> DIRECTIONS
Your copy must hold all of the data below, unchanged and without images.
--- RECORDS SHOWN Enclosed Below ---
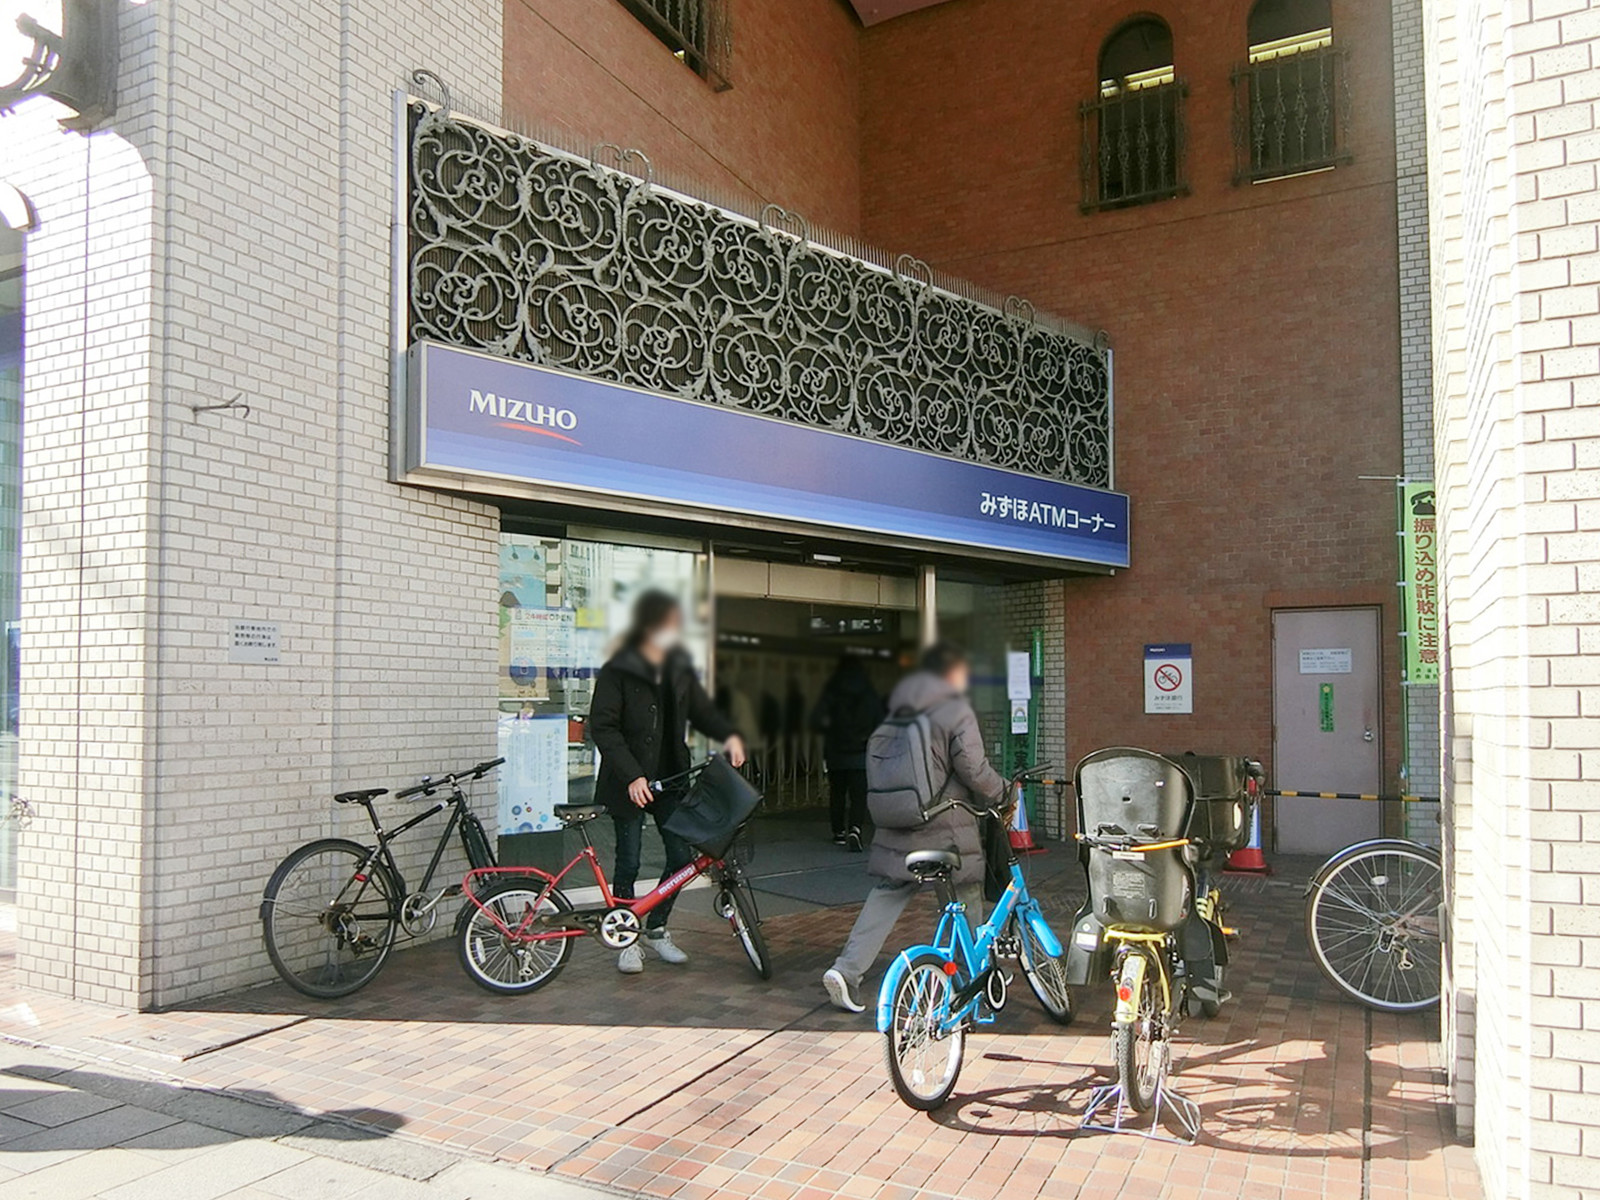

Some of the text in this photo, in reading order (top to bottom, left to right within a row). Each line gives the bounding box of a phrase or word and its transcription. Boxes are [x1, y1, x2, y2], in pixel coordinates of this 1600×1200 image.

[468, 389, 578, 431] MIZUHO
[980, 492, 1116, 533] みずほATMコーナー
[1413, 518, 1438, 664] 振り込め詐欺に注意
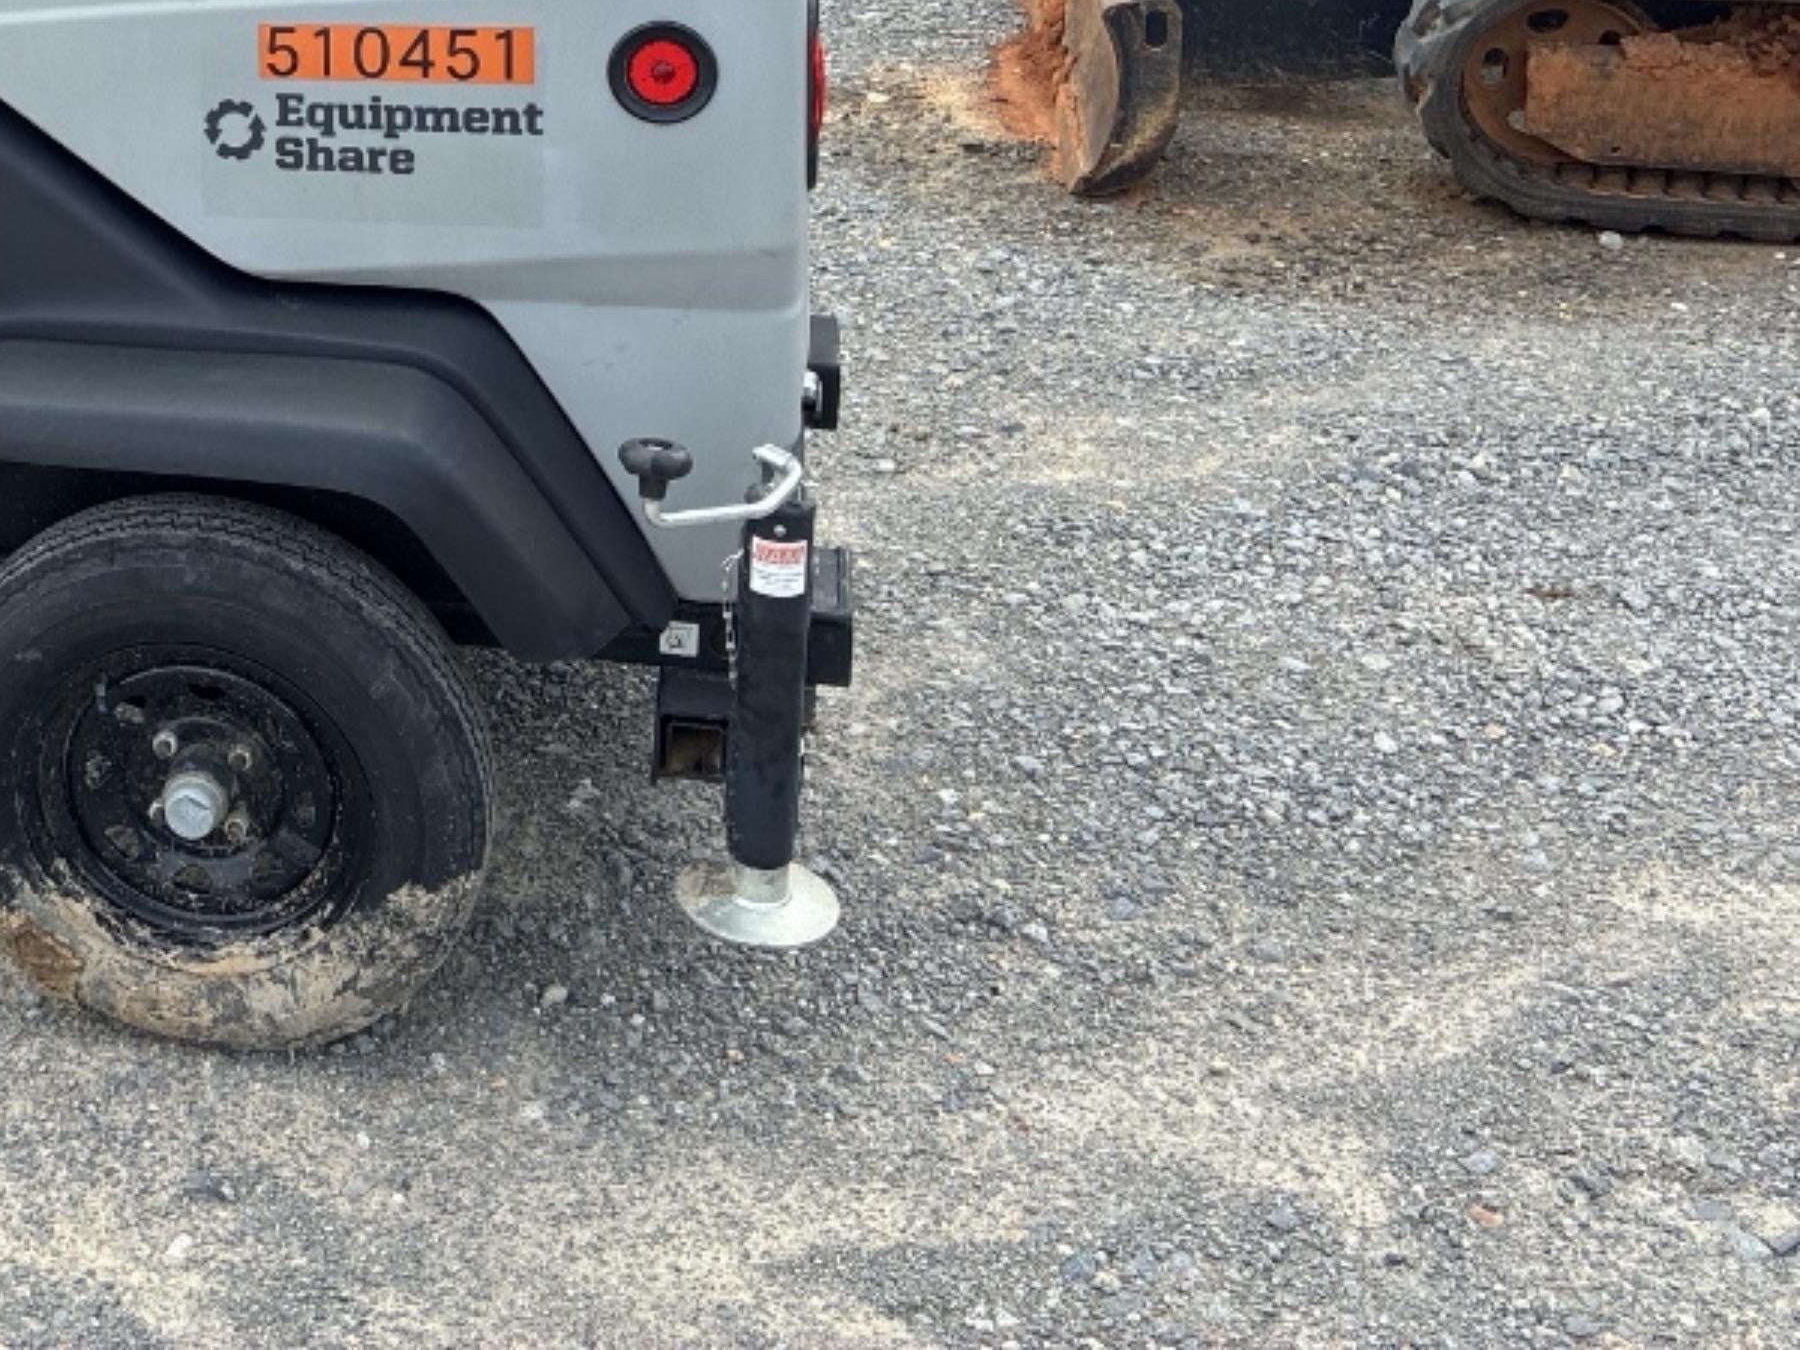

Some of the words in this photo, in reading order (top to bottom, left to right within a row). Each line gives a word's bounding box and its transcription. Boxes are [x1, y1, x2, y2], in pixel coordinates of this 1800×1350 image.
--- End of Enclosed RECORDS SHOWN ---
> EXERCISE SOLUTION
Some of the text in this photo, in reading order (top to bottom, left to right within a row). Each line gives the bounding box of a phrase or word and its transcription. Boxes are [x1, y1, x2, y2], in pixel coordinates of this 1600×1200 image.

[468, 389, 578, 431] MIZUHO
[980, 492, 1116, 533] みずほATMコーナー
[1413, 518, 1438, 664] 振り込め詐欺に注意

Some of the words in this photo, in reading order (top to bottom, left to right within a row). Each line gives a word's bounding box and its transcription. Boxes are [x1, y1, x2, y2], in pixel coordinates of this 1800×1350 image.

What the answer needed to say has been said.